Unfortunately I cannot find a cite for that.

It disturbs me that alot of people seem to misunderstand hydro dams. Some fool even went as far as to claim the amount of water going out is less than the amount coming in.

This violates basic physics, although to a small extent, they may be 1/2 right: Nearly all hydro dams are designed to be far too large for the area. At this ridiculous size, they tend to leak alot of water into the ground.
But at the time they were first used for electricity, they were trying to keep up with coal power. The only way to do that was to flatten a huge pile of land and use the resulting pressure to make up the difference.

Some hippies and environmentalists seem to have developed a rather stupid aversion to this type of power in the meantime, but the fact is a responsibly sized hydro station is no threat at all to any part of the surrounding environment.

I’ve said before, these free energy sources don’t (or shouldn’t) produce alot of power at one spot. It seems to mostly be the american/capitalist way to suck everything out of something until it blows up in your face, instead of building smaller, long term, more efficient systems like the rest of the world does. Fracking is of course, a perfect example of this.
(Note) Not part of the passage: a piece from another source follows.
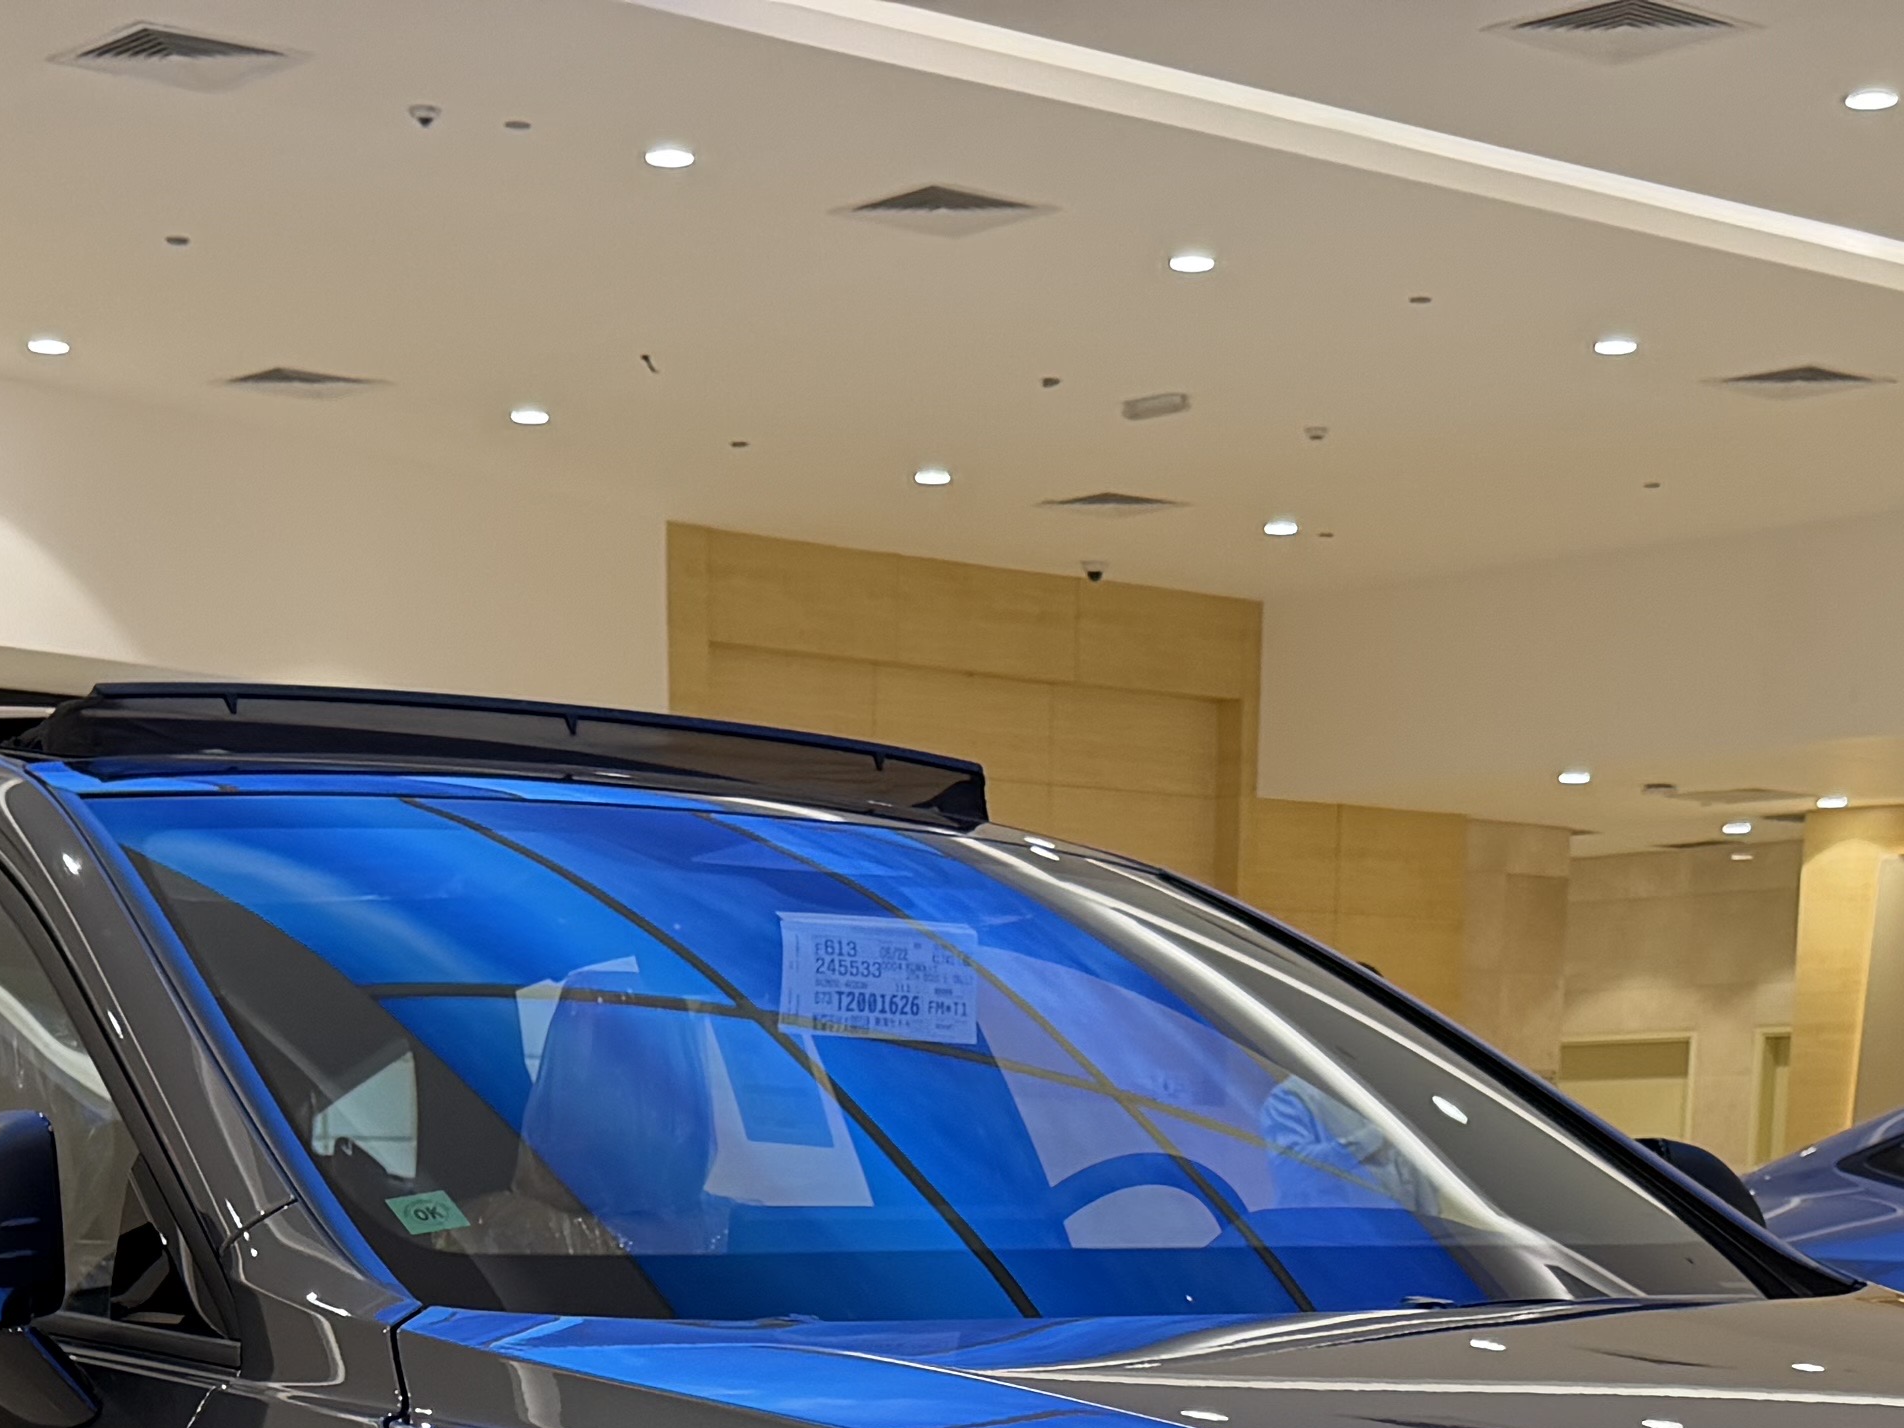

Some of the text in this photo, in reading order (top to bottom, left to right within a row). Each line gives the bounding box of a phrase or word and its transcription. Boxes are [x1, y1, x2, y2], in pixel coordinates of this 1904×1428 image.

[815, 958, 882, 979] 245533
[836, 990, 920, 1016] T2001626
[413, 1206, 445, 1222] OK
In fact, humans have been using the potential energy of rainwater for longer than we have records for. Including water wheels to power flour mills, and wheels powering religious ‘artifacts’ in order to impress potential believers in the roman ages when the christians were 1st trying to wow everyone with how great their religion was.

Anyway, that’s just hydro dams. I have several (very inefficient by todays standards) solar cells that have lasted over 30 years, despite what someone else thinks about maintenance, but that’s another story.